# imovie 3?



## bolindilly (Oct 20, 2002)

anyone have any info on significant iMovie updates? i, for one, love it's ease of use, but i'm sick of the crappy title quality. Transitions and video quality could be better too. I've heard stuff about widescreen support, but quality interests me more... any dirt?

thanks,
bolindilly


----------



## ccuilla (Oct 21, 2002)

Crappy title quality? I've used iMovie on 3-4 projects and found the title quality to be excellent!

Can you explain further?


----------



## serpicolugnut (Oct 21, 2002)

I love iMovie, but would find it more useful if Apple added the ability (or option) to have a second video track for editing. This one enhancement would go a long way to bridging the gap between iMovie and FCP....


----------



## Rhino_G3 (Oct 21, 2002)

exactly.  I would love the option of multiple video tracks.  That's it's biggest drawback.  Although, this is what apple is banking on to make it easy to use for the average joe blow on the street.  I can see it getting extremely confusing.

Of course, apple did give us the EQ in itunes.  At first they said that made things to difficult


----------



## dubbya! (Oct 21, 2002)

I got a link to a piece of software that lets you use psd files or animated psd files for a dynamic looking title.

Slick Transitions and titling software


----------



## bolindilly (Oct 21, 2002)

in reference to the titles, i've found them to be very pixelated. especially the rolling credits at the ends, these seem to be like two frames per second...


----------



## ccuilla (Oct 22, 2002)

I guess I've only noticed this "pixelated" look when running inside of iMovie. Once I drop it to tape, it looks great.


----------



## hazmat (Oct 23, 2002)

Anyone tried the titles from the Slick stuff?  I wonder if they look as crappy as the stock iMovie ones.


----------



## themacko (Oct 23, 2002)

I would definately like to see an iMovie 3 .. iMovie 2 is great and I've been using it a lot, but a new version optimized for G4s and Jaguar along with better title quality and more transitions/options would be tight.

Since iMovie is one of Apple's flagship iApps, I can't imagine that they'd let it get too much more out of date.  When did 2 come out, anyway?


----------



## hazmat (Oct 23, 2002)

> _Originally posted by themacko _
> *I would definately like to see an iMovie 3 .. iMovie 2 is great and I've been using it a lot, but a new version optimized for G4s and Jaguar along with better title quality and more transitions/options would be tight.*



What would be awesome would be if Apple acquired the Slick stuff, and even with another rev of iMovie 2, but with that stuff integrated.


----------



## Vyper (Oct 27, 2002)

It only looks pixellated 1) under 10.2 (quartz extreme) or 2) the movie has been blown up (for the imovie window) more than 1.5 times.
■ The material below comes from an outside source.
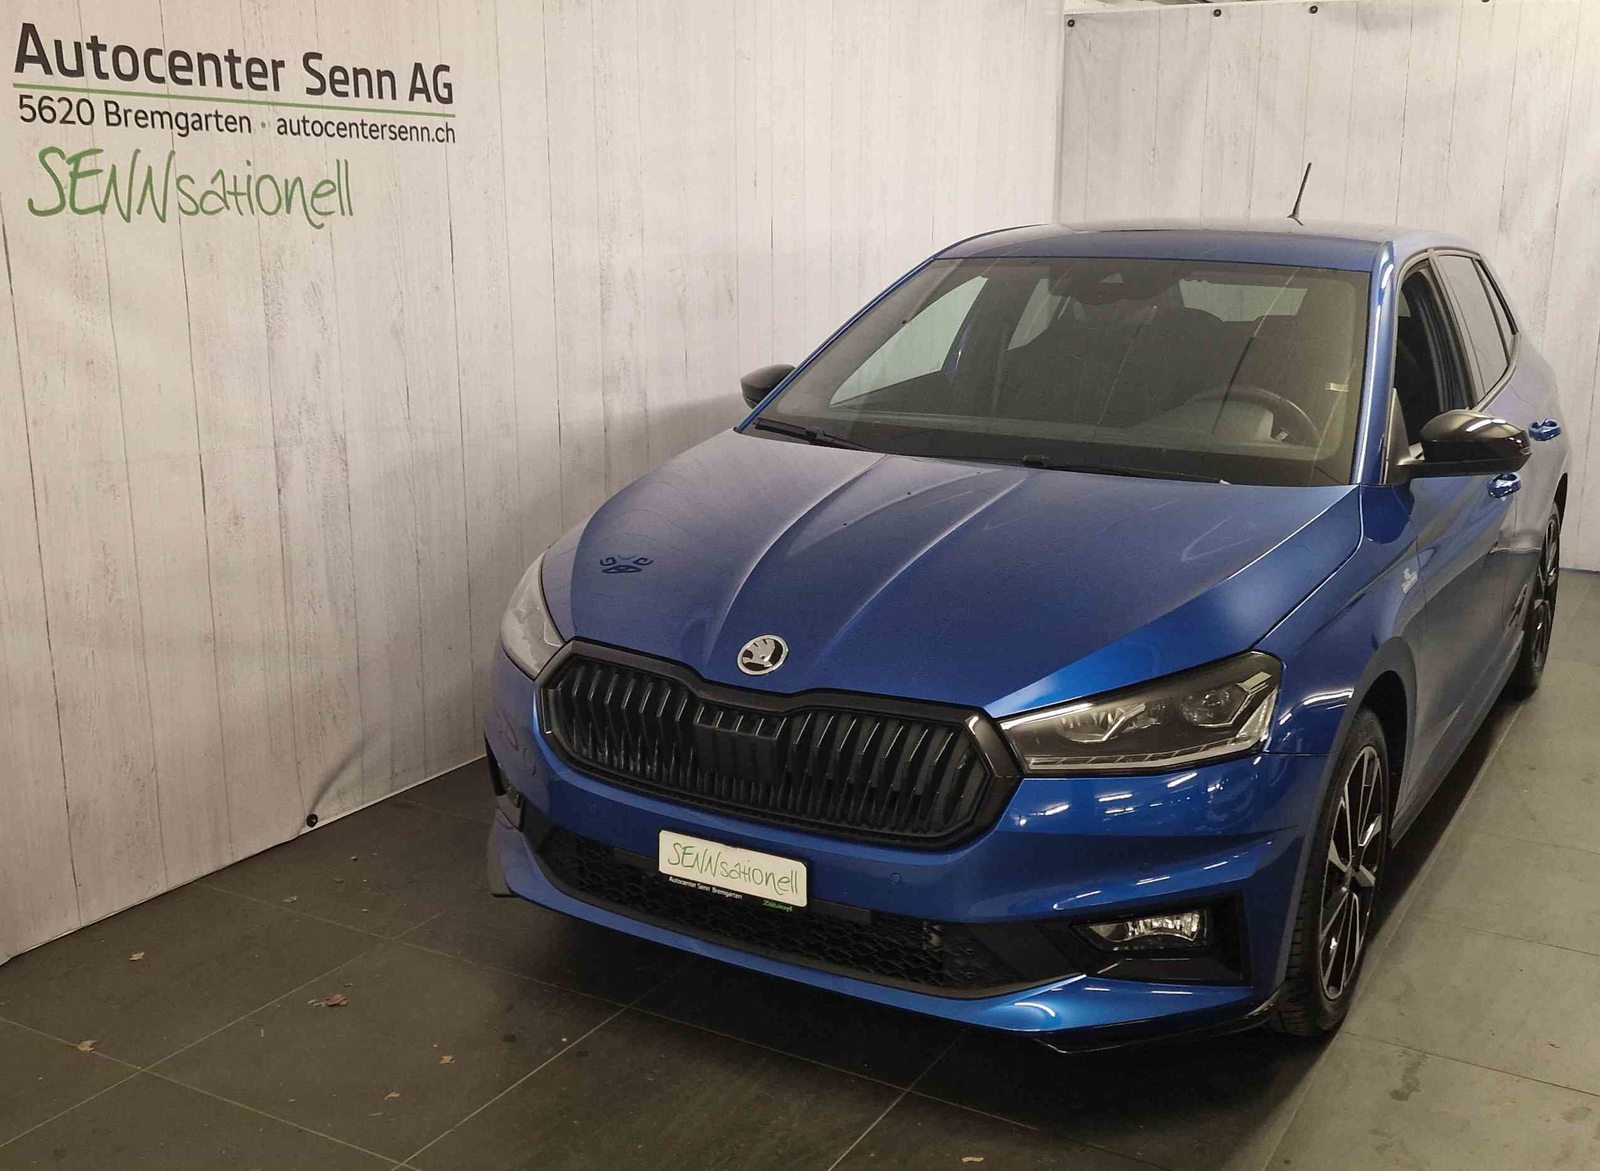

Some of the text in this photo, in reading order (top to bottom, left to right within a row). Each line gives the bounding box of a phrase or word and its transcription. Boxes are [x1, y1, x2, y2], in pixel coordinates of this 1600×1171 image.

However, I also would like iMovie 3, as long as it had support for stuff other than just dv (I hate it stripping the audio) and maybe try to speed up some rendering stuff..


----------



## themacko (Oct 28, 2002)

Another thing I would like to see in iMovie 3 is the ability to burn VCDs.  It would be cool to be able to burn your short movies and photo-slideshows to video cd's so people can stick it in their DVD player.

I don't know how practicle that would be since I've never made one (I don't have Toast) but I would like see how it would work.


----------



## kommakazi (Nov 4, 2002)

I also would like to see a second track for video editing. Better support for editing audio would be nice too...if I insert a song and try to cut off part iMovie crashes, every time. It would also be nice if you could import more formats of video...I hate having to convert video to DV and audio to AIFF. As for burning VCD's, I also think it would be a nice feature, it's really a pain in the ass to do. I don't think Apple would bother to support it since they are trying to push DVD burners. By adding support for making VCD's simply they would only undermine their DVD burner sales. I've also found title quality to be very poor. I'm running 10.2 but it's not Quartz Extreme accelerated or enlarged in any way...just video imported directly from a DV camera.


----------